Australia has recalled its ambassador from Indonesia after two Australian men were executed for drug smuggling.
Andrew Chan and Myuran Sukumaran were among eight people from several countries executed by firing squad shortly after midnight on Wednesday on the prison island of Nusakambangan.
Brazil’s government also expressed its “deep dismay” at the execution of one of its citizens, Rodrigo Gularte.
But the execution of a Filipina woman was postponed at the last minute.
Australia had mounted a lengthy diplomatic campaign to save Chan and Sukumaran, convicted in 2006 of being the ringleaders of a group of Australian heroin traffickers known as the Bali Nine.
Australian Prime Minister Tony Abbott said it “cannot be simply business as usual” with Indonesia, a close ally.
“These executions are both cruel and unnecessary,” he added, saying Chan and Sukumaran had been “fully rehabilitated” while in prison.
- Australians Myuran Sukumaran and Andrew Chan
- Ghanaian Martin Anderson
- Indonesian Zainal Abidin bin Mgs Mahmud Badarudin
- Nigerians Raheem Agbaje Salami, Sylvester Obiekwe Nwolise, Okwudili Oyatanze
- Brazilian Rodrigo Gularte
- Frenchman Serge Areski Atlaoui and Filipina Mary Jane Fiesta Veloso were spared as they have ongoing appeals
Before their executions, the families of those condemned paid them final, emotional visits.
Afterwards, Brazil’s government issued a statement saying the execution was “a grave event” in its relationship with Indonesia.
The statement said Indonesia “had not been sensitive to President [Dilma] Rousseff’s humanitarian plea”.
Gularte’s family had said he had schizophrenia and should not have been on death row.
In January, Marco Archer Cardoso Moreira was also executed in Indonesia for drug smuggling, becoming the first Brazilian national to have a death sentence carried out in a foreign country.
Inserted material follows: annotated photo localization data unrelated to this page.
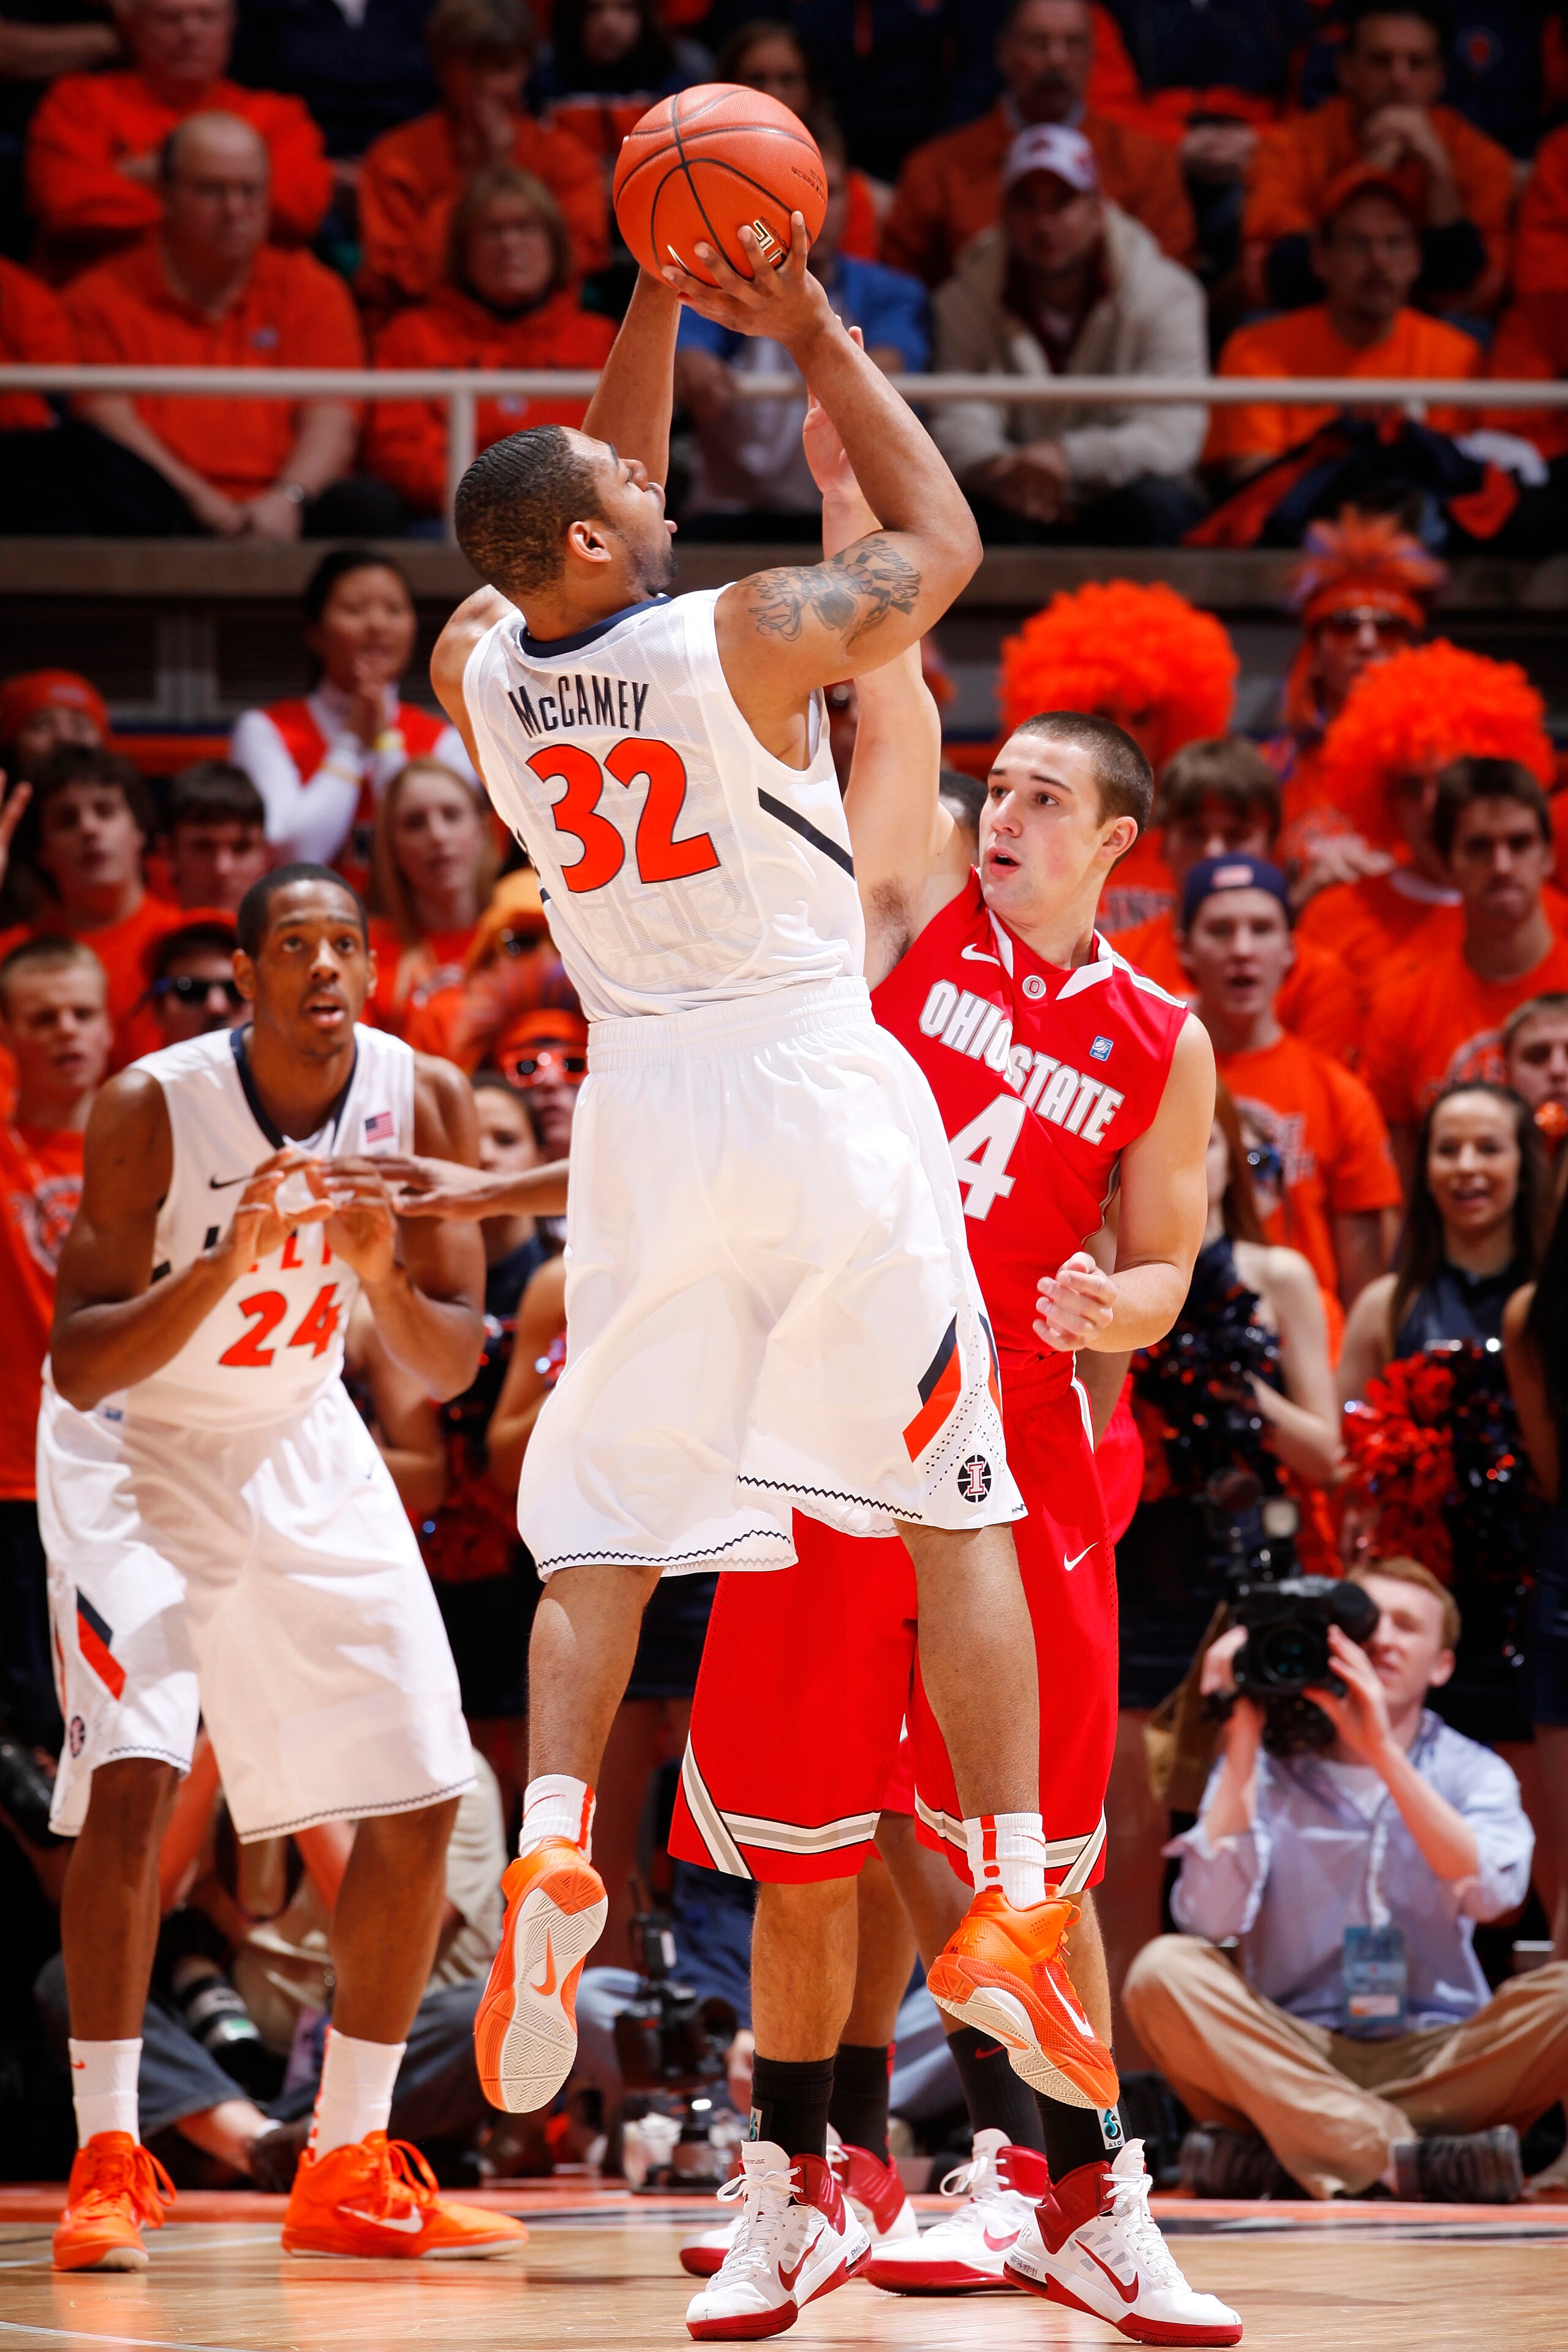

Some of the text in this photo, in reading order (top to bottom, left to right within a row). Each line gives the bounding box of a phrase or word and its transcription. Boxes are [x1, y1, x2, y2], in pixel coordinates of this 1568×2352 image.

[508, 674, 649, 738] McCAMEY
[525, 737, 722, 893] 32
[919, 979, 1125, 1146] OHIO STATE
[948, 1093, 1027, 1221] 4
[218, 1283, 343, 1367] 24
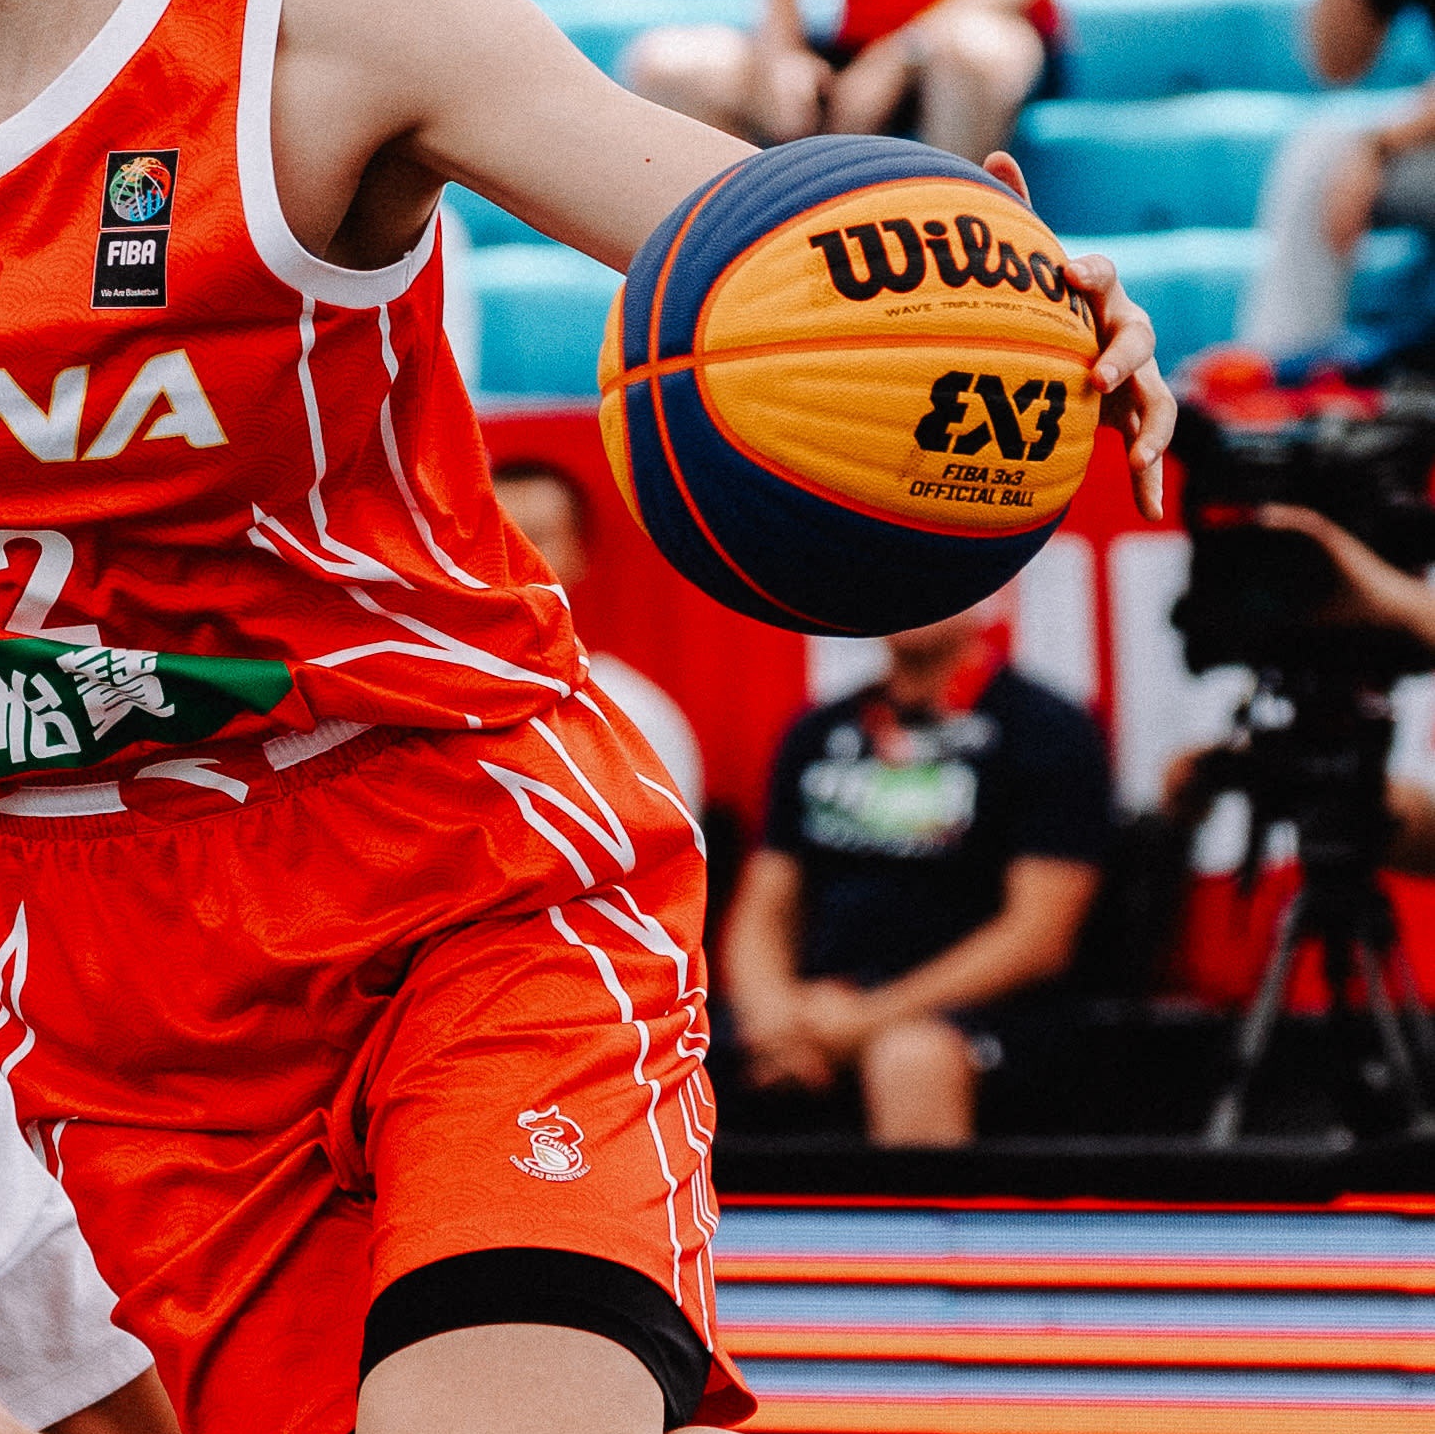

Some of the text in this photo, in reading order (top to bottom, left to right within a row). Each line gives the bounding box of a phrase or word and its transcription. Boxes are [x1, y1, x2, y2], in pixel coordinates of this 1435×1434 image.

[107, 239, 157, 267] FIBA
[126, 287, 159, 297] Basketball
[885, 302, 933, 317] WAVE
[940, 300, 980, 310] TRIPLE
[941, 463, 989, 483] FIBA
[909, 480, 1036, 508] OFFICIAL BALL
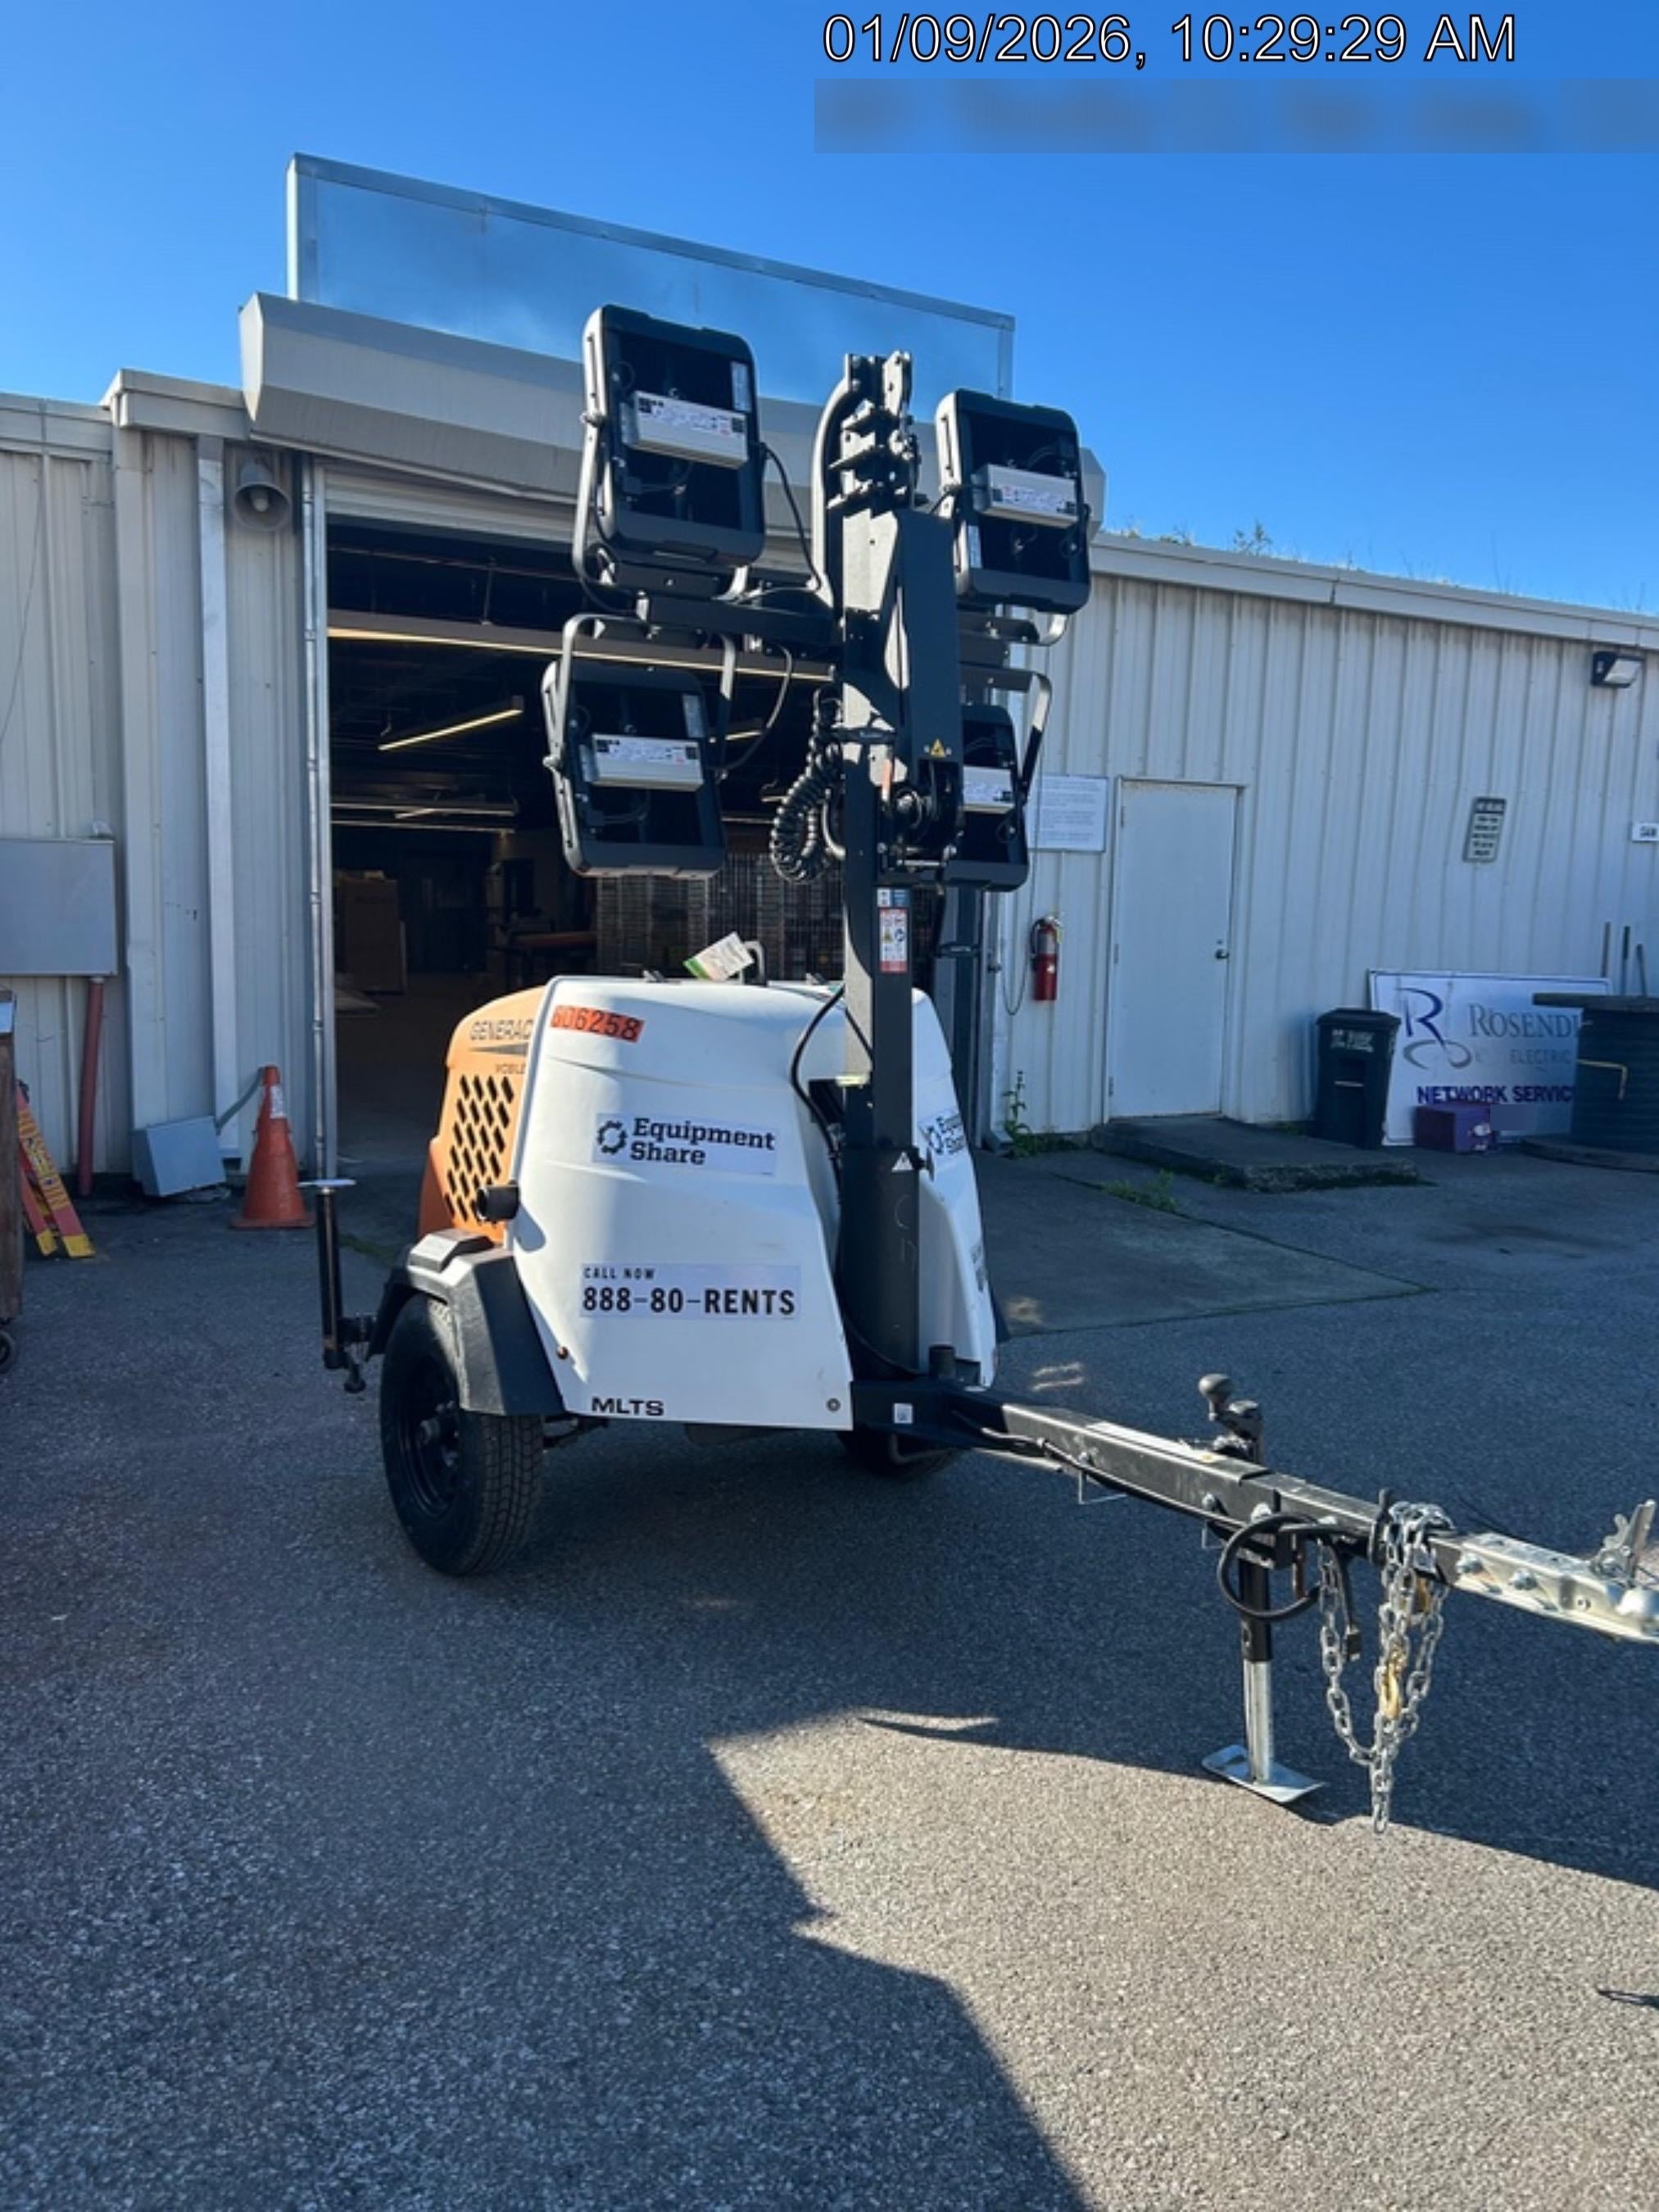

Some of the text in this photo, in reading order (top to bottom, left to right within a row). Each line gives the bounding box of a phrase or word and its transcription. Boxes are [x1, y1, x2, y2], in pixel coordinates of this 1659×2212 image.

A Frenchman also convicted of drug offences, Serge Areski Atlaoui, was originally due to be executed with the group but has an appeal outstanding.
There was delight for the family of Philippine woman Mary Jane Fiesta Veloso, after her execution was called off at the last minute following a request by the Philippine president.
Veloso will be allowed to testify as a witness in the trial of a woman suspected of planting heroin on her, who surrendered to police on Tuesday.
Veloso’s mother described the last minute reprieve as a “miracle”.
“We are so happy, I can’t believe it. I can’t believe my child will live,” Celia Veloso told Philippine radio station DZMM.
Indonesia has some of the toughest drug laws in the world and ended a four-year moratorium on executions in 2013.
It says it takes a hard line because of the country’s own drugs problem – 33 Indonesians die every day as a result of drugs, according to Indonesia’s National Narcotics Agency.